Chapter2 前進基地襲撃

第4話 色狂いの駄犬

「はぁっ、はぁっ……可愛い……可愛いよ私のレイヴン……無防備な顔面美味しい……」


 ハウンドが、犬フェイスの頭部パーツの口を開き、灰色の舌を伸ばしてレイヴンの寝顔を舐め回していた。


「れろっ、べろぉっ……ひひっ、美味しい……あらゆる場所を、ねっとり味わいたいですねえ……」


 唾液を再現した体液が糸を引き、ハウンドは構わずレイヴンを舐め回す。耳の穴を抉るように、鼻の穴をほじるように、半開きの口に舌を押し込んでレイヴンの舌を吸い出し、ねちっこくしごく。

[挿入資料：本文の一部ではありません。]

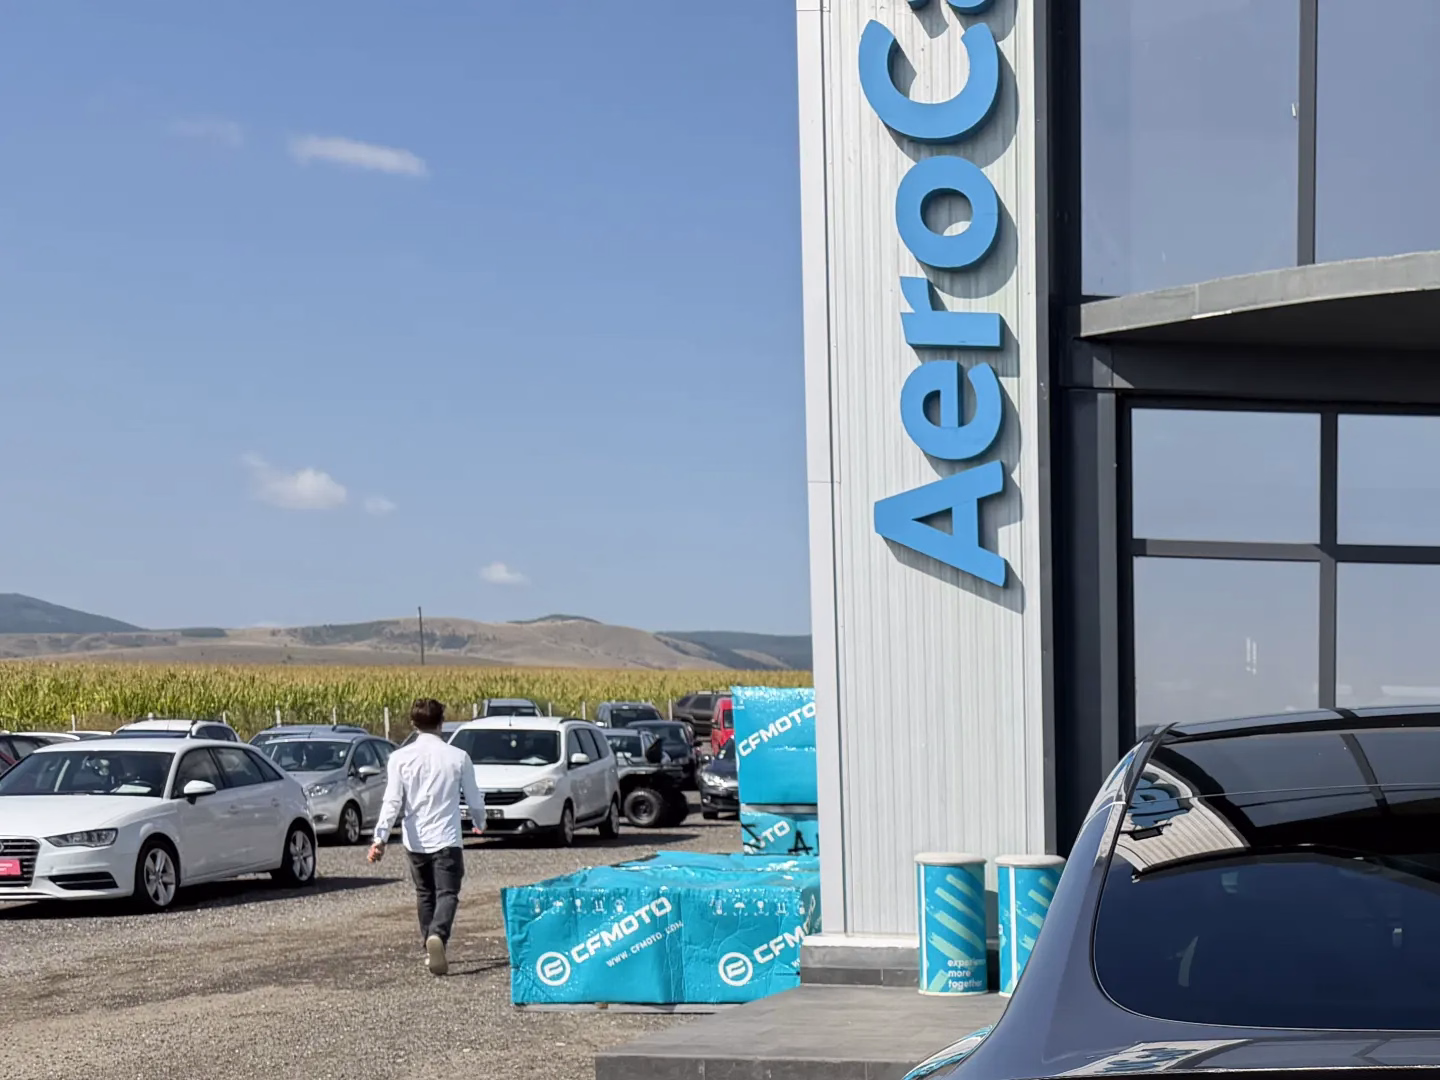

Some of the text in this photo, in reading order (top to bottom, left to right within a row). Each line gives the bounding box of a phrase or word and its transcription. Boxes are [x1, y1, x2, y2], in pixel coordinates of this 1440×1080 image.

[858, 0, 1005, 586] AeroC
[738, 702, 815, 757] CFMOTO
[571, 896, 672, 963] CFMOTO
[947, 969, 971, 977] more

 左手は乳房を揉みしだき、右手は股間のカバーに伸び、


「ん……う……」


 レイヴンが呻くように声を漏らした。

 そこで彼は、自分に誰かがのしかかってきていることに気づき、ハッと目を開ける。


「何してんだてめえ」

「スキンシップです。相棒として、相応しい愛情表現を」


 犬フェイスに満面の笑みを浮かべるハウンド。一方レイヴンは、修羅の形相である。唾液の匂い、感触、体位——全て察したのだろう。


「寝てるやつを強姦する行為がスキンシップなら、この世に性犯罪なんて言葉はねえよ」

「いいですね、無くしましょう」

「ちなみに、起きなかったら何してた?」

「イチモツを処女ホールにぶちこんで、朝からイチャラブ♡ パンッ♡ パンッ♡ ってしてました。今すぐしましょう、さあ、股間のカバーを外し——ッごあっ!」


 ゴガンッ、と、レイヴンの蹴りがハウンドの顎をぶち抜いた。あまりの威力にハウンドは天井スレスレまで浮かび上がり、ベッドから落ちて床に激突する。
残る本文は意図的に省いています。